At the interpersonal or community level, the perception of health provision especially influences health-seeking behaviors. While the lack of trust in the motivation of the HAT mobile teams remains one of the barriers to screening, the good quality of health service is appreciated by community members. Lack of trust in mobile teams’ motivation has also been reported by Falisse et.al (2020) [5]. The distance to HAT treatment centers, the poor quality of local health centers, and local health providers lack of expertise about HAT remains a major concern for local communities. Perceptions of the good quality of health services has been reported to motivate local community members to participate in HAT screening, but the indirect costs and the distance to treatment centers are a barrier to agreeing to participate in screening and undergo treatment [11]. However, another study found that finances were the main barrier to accessing health care and that free health services such as free mosquito nets led to suspicions among community members who became reluctant to accept the service [29]. The indirect costs of screening and treatment have also been found to be important factors for participation in HAT control activities [8].
In the DRC, where formal social security systems are almost non-existent, the extended family plays an important role in providing the financial support needed to access health care. Families’ knowledge about HAT, beliefs, and financial resources can therefore delay or facilitate access to health services. The family has been shown to play a major role in supporting HAT patients as they bear the cost of health care, and that their lack of knowledge about HAT contributes to delays in accessing health care [30,31]. While a patient is undergoing treatment, the family is responsible for caring for and ensuring that the patient is following medical advice [3].
Discrimination of people affected by HAT is not always visible. This could be the reason why stigma surrounding HAT has not been sufficiently considered in management plans. Stigmatization occurs not only within the community but also within the family. Community education on the acceptance of HAT patients is needed, as well as counselling for patients and their families, as is the case with other stigmatizing diseases like HIV/AIDS. People have been found to avoid being screened for HAT as they fear being stigmatized [3]. Stigma associated with HAT was also found in other countries such as Zambia [14] and South Sudan [15]. While it has been suggested that stigma related to HAT does not lead to exclusion [31], this study shows the opposite. Unlike other NTDs, such as leprosy or tuberculosis, stigma about HAT has not been sufficiently studied [23].
The limited ownership of HAT control activities by local communities, as shown by local leaders and other community volunteers increasingly demanding incentives before taking part in HAT activities, has been raised previously [5] and is a concern for community engagement. This situation may have resulted from community members’ perception that their role is limited to vector control, especially clearing vegetation, while health professionals expect them to get involved in screening and treatment. This difference in expectations suggests there is a need for the participation of local people at the planning stage to encourage greater ownership of community-based control activities.
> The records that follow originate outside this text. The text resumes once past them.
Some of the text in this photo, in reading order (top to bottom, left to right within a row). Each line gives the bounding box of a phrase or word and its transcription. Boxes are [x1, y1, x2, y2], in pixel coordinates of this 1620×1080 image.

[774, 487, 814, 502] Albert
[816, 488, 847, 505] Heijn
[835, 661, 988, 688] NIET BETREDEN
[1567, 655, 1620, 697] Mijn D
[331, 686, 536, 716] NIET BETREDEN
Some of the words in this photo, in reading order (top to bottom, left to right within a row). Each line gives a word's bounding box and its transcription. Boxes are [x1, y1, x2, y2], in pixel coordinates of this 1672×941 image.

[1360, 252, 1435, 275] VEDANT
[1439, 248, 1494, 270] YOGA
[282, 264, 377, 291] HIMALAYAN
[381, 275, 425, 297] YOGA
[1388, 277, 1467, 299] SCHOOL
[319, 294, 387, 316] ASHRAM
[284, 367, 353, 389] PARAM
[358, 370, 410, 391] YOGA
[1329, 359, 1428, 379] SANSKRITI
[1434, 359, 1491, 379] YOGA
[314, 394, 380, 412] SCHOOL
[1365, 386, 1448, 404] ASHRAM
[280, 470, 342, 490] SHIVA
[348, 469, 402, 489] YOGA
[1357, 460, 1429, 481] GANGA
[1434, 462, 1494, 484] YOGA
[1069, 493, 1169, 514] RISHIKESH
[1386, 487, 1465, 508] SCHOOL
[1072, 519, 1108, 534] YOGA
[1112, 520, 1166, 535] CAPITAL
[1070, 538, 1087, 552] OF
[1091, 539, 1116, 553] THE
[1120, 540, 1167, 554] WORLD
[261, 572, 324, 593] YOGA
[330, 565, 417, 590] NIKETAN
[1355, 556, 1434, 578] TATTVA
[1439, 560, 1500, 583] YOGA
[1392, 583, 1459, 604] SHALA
At the societal level, there are many factors that interact to influence the participation of local communities positively or negatively in HAT control activities. The social representation of HAT is negative, which triggers negative emotions such as fear and shame, which are barriers to screening and treatment. Even though local communities know that HAT can be treated, they also need to see it as a normal disease like malaria or typhoid. In a study [11] in South Sudan, people were found to have a negative perception of HAT, which led to fear and shame; both HAT control activities and the disease were perceived to interfere with the ability of some people to fulfil social expectations (having children, caring for their families or participating fully in community life). All these social expectations need to be clearly discussed with communities. Although the impact of cultural factors, including gender norms, on the differential exposure of women and men to tsetse bites has been investigated [12], there is limited information about how HAT affects social expectations.
The priority given to livelihood activities over participation in HAT control activities suggests that poverty is high and perceived to be more harmful in the short term than HAT. Economic factors have been found to be a barrier to people participating in screening and accepting treatment [3]. While poverty is difficult to address, HAT control activities can be planned together with community members to ensure that they do not interfere unnecessarily with their livelihood activities. Community education about the fact that there is no need to prohibit heavy labor can reduce concerns related to livelihood activities.
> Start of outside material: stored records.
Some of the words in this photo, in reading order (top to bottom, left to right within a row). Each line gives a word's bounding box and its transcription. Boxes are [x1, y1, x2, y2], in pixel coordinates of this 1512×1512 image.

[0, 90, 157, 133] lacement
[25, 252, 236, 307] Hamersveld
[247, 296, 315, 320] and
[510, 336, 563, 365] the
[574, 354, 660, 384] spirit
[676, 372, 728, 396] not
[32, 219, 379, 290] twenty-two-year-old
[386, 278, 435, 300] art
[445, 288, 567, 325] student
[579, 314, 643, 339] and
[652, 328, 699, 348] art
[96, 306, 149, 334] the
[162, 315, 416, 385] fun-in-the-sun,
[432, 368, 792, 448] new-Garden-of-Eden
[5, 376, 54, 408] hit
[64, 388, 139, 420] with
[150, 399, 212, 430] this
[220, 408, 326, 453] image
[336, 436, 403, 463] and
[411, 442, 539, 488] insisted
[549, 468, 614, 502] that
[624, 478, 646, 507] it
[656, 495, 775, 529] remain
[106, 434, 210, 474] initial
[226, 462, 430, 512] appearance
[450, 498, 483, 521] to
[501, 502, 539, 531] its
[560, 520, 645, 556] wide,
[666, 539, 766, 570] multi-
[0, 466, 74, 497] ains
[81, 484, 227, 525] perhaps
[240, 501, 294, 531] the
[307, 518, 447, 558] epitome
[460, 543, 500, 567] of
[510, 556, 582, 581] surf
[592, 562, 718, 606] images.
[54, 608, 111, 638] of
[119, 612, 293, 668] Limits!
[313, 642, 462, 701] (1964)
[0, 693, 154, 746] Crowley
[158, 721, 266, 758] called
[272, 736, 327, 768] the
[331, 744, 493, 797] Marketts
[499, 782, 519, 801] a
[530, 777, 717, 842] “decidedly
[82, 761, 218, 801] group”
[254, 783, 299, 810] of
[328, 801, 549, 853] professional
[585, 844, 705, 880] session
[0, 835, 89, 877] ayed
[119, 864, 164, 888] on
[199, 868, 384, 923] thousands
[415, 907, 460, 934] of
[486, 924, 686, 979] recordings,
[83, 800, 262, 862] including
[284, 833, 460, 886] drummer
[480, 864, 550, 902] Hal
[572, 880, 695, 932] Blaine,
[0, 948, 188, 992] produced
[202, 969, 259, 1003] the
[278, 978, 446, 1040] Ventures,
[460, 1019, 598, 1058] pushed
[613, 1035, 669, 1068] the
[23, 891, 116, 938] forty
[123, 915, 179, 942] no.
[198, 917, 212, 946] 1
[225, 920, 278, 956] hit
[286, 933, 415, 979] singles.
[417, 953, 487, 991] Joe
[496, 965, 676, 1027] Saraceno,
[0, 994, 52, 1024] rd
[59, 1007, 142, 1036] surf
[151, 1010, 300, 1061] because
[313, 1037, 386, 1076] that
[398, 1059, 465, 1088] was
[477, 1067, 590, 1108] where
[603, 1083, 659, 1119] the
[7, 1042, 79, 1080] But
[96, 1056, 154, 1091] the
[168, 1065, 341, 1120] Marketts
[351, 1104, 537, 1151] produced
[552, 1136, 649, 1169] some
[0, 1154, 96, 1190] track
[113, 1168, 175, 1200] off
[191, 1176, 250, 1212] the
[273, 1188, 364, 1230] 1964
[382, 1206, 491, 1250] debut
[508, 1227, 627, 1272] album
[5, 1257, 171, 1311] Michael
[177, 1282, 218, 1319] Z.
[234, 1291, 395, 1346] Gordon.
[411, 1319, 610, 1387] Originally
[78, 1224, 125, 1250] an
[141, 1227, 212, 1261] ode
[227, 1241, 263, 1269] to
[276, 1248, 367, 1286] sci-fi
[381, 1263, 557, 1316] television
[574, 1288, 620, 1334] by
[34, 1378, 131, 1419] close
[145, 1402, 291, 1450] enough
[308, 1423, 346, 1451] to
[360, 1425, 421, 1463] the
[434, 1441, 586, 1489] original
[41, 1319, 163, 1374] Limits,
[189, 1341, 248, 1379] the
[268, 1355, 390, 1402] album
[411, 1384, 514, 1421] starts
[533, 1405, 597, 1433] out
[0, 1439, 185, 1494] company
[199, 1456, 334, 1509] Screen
The number of HAT infections in the target provinces of DRC has decreased to the point that control activities, such as active screening, will probably be reduced. Training and equipping community health providers and workers to organize community-led HAT case detection, and referrals could contribute to early detection of HAT at a low cost. In a review of program that used a community-led surveillance approach to tuberculosis [32], it was concluded that in a situation of low prevalence, mass screening would be expensive, and that a community-led approach to surveillance would be more effective and sustainable for early detection, treatment compliance, and fighting stigma. Community-led control has also been found to be effective in monitoring Chagas disease [33]. The same approach could be used for HAT; however, there is a need for more research on how community-led surveillance could be performed, especially in a context of low endemicity.
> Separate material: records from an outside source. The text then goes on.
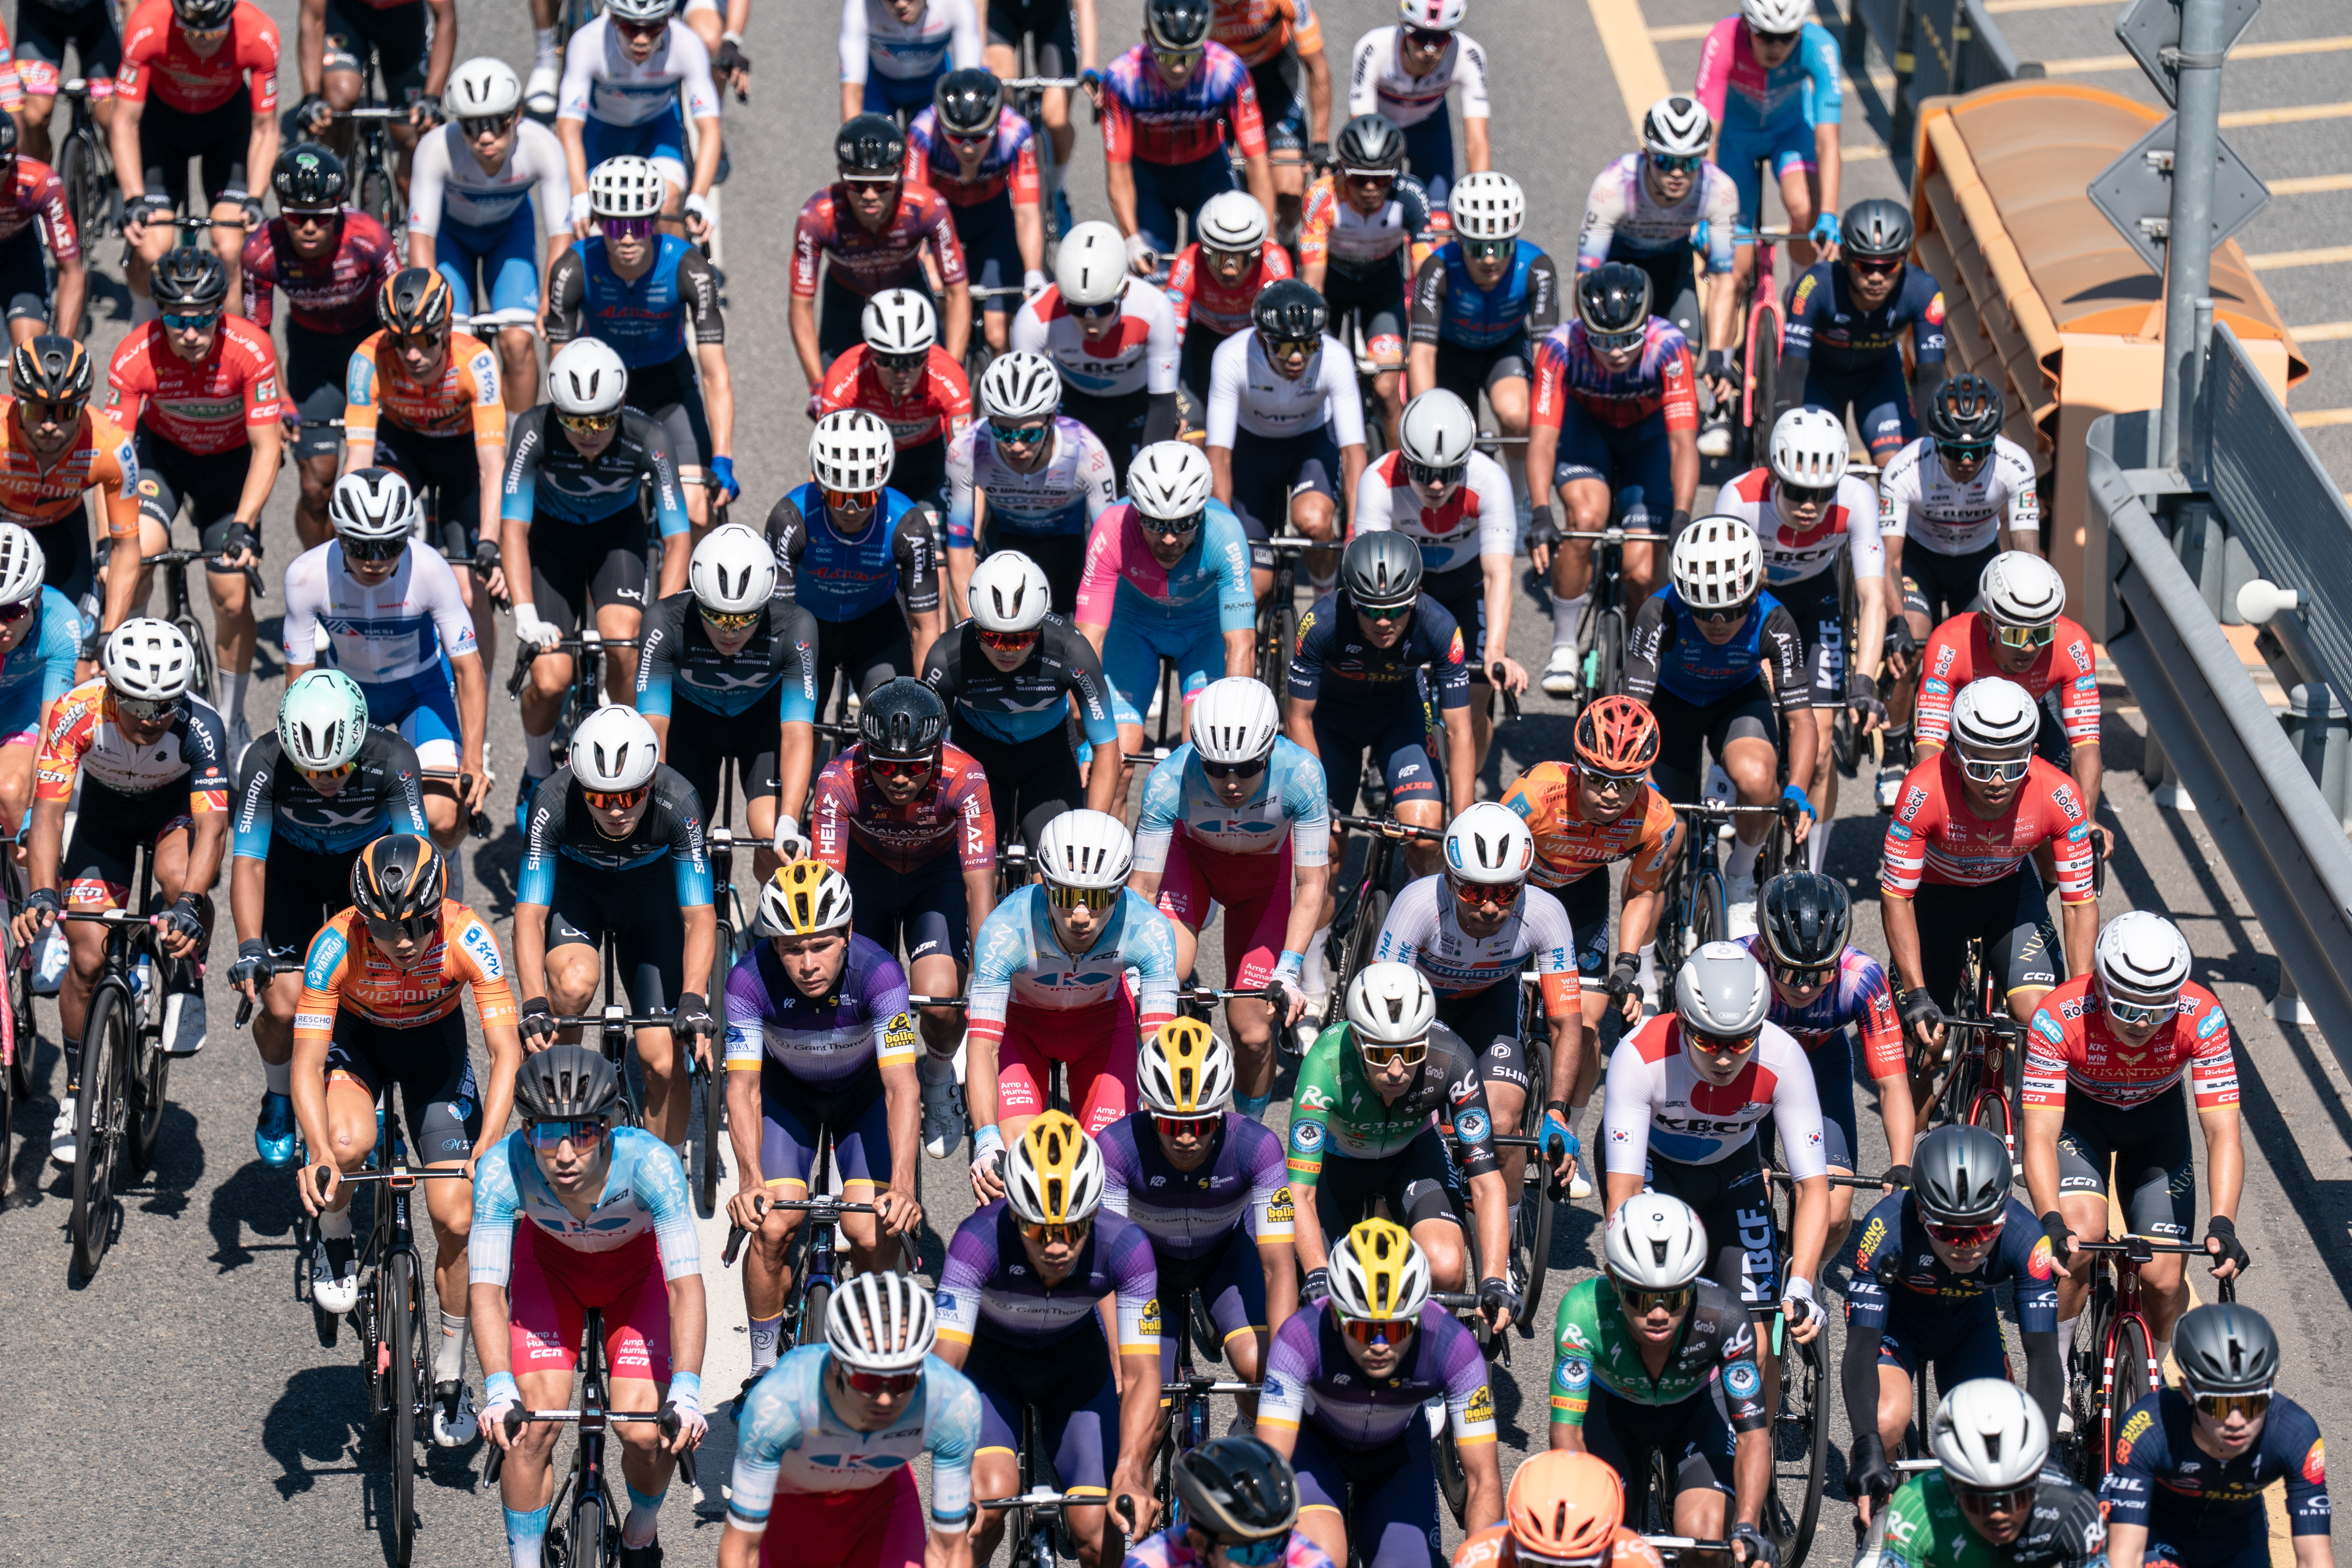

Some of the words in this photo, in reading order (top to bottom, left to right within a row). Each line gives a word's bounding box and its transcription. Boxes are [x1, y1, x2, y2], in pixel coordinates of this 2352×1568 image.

[936, 217, 960, 273] HELAZ
[797, 230, 814, 285] HELAZ
[506, 429, 538, 495] SHIMANO
[1297, 612, 1315, 638] SINO
[637, 628, 664, 693] SHIMANO
[1815, 616, 1842, 691] KBCF.
[1939, 648, 1956, 677] ROCK
[2068, 641, 2087, 672] ROCK
[1047, 658, 1061, 668] 2006
[1925, 681, 1950, 694] KMC
[2075, 675, 2096, 691] KMC
[49, 700, 88, 745] Booster
[189, 717, 218, 763] RUDY
[290, 722, 304, 758] LAZER
[335, 718, 346, 756] LAZER
[1259, 724, 1269, 740] uvex
[195, 775, 228, 786] Magene
[370, 767, 384, 776] 2006
[1300, 758, 1325, 817] KINAN
[1392, 781, 1434, 797] MAXXIS
[238, 770, 269, 834] SHIMANO
[662, 800, 673, 810] 2006
[1903, 787, 1927, 823] ROCK
[820, 793, 839, 854] HELAZ
[865, 825, 945, 835] MALAYSIA
[963, 793, 983, 855] HELAZ
[1890, 824, 1912, 836] KMC
[1947, 823, 1967, 832] KFC
[2013, 824, 2034, 833] ROCK
[2069, 825, 2088, 840] KMC
[528, 807, 550, 871] SHIMANO
[1947, 831, 1966, 840] WIN
[1544, 842, 1625, 862] VICTOIRE
[1940, 842, 2038, 853] NUSANTARA
[1119, 855, 1128, 868] uvex
[420, 854, 439, 905] Kabuto
[911, 940, 937, 958] LAZER
[1146, 917, 1175, 981] KINAN
[1378, 930, 1392, 959] EPIC
[317, 940, 342, 976] YATAGAI
[476, 941, 505, 976] ダイクレ
[1552, 947, 1564, 971] EPIC
[1246, 962, 1267, 974] Amp
[1423, 961, 1523, 979] SHIMANO
[356, 988, 451, 1001] VICTOIRE
[298, 1015, 332, 1024] RESCHO
[2064, 1001, 2099, 1020] ROCK
[1878, 1025, 1900, 1035] SPYDER
[2033, 1013, 2063, 1041] KMC
[2200, 1010, 2226, 1037] KMC
[794, 1044, 826, 1052] Grant
[2088, 1042, 2108, 1052] KFC
[1425, 1065, 1444, 1079] Grab
[1001, 1081, 1021, 1090] Amp
[1002, 1088, 1031, 1096] Human
[1418, 1086, 1434, 1096] PACTO
[1469, 1090, 1481, 1100] cola
[1096, 1106, 1117, 1115] Amp
[1287, 1159, 1321, 1173] PIRELLI
[643, 1164, 666, 1192] Racing
[647, 1146, 688, 1217] KINAN
[1860, 1217, 1883, 1251] SINO
[1867, 1226, 1887, 1258] PACIFIC
[1737, 1199, 1772, 1302] KBCF.
[526, 1331, 550, 1340] Amp
[1693, 1320, 1715, 1334] Grab
[526, 1339, 561, 1348] Human
[620, 1346, 653, 1356] Human
[622, 1339, 645, 1348] Amp
[1689, 1342, 1706, 1352] PACTO
[2121, 1410, 2150, 1439] SINO
[2127, 1418, 2153, 1445] PACIFIC
Finally, HAT policies and strategies shape what is happening at the community level. The limited resources allocated to community education can hold community members back from benefiting from the advancements made in HAT control (new treatments and RDT). As suggested in this study, people are still avoiding screening and/or treatment due to a lack of adequate information. It is, therefore, important to allocate sufficient resources (financial, human, and time) to community education when developing HAT control strategies. In the context of other diseases, such as malaria [34] or HIV/AIDS [35], policies that allocate sufficient resources and empower local communities seem to yield positive results in terms of community engagement. There seems, however, to be a gap in such community engagement in relation to HAT.
There were some limitations to this study. Data analysis was not disaggregated per province, which makes it difficult to capture the peculiarities that are specific to each province. Additionally, the findings can only apply to regions of DRC where HAT control activities, such as mass screening or vector control activities, are still visible.
The strength of this study lies in its methodological approach. The research team spent on average three days in each community, giving time for community members to understand the purpose of the study and to get used to the research team. Despite the challenges related to working in DRC (vastness of the country, rainy season, and poor road infrastructure), this study covered six provinces (Kasai, Kasai Central, Kasai Oriental, Lomami, Maindombe, and Kwilu) with diverse ecosystems, cultures, and linguistic groups. The sampling plan allowed the research team to gather information from a wide range of participants.

5. Conclusions

With HAT cases becoming increasingly rare, and with the related decrease in active screening, it is desirable for local communities to take a more active role in HAT control activities. As shown in this study, local communities are knowledgeable about HAT. While many community members have understood the importance of screening, treatment, or vector control, their participation in these activities remains insufficient to facilitate the elimination of the disease. To enhance community engagement, it is important to understand the factors that influence communities’ behavior. By using a socio-ecological model, this study found that these factors can be identified at three levels: individual (age, gender, health status, experience of the disease, knowledge, belief, and perception of the risk), community or interpersonal (health service provision, family, stigma, local leadership, education, and sensitization activities), and societal levels (social representation of HAT, culture and social norms, HAT endemicity, economic situation and livelihood, and policies and strategies related to community engagement).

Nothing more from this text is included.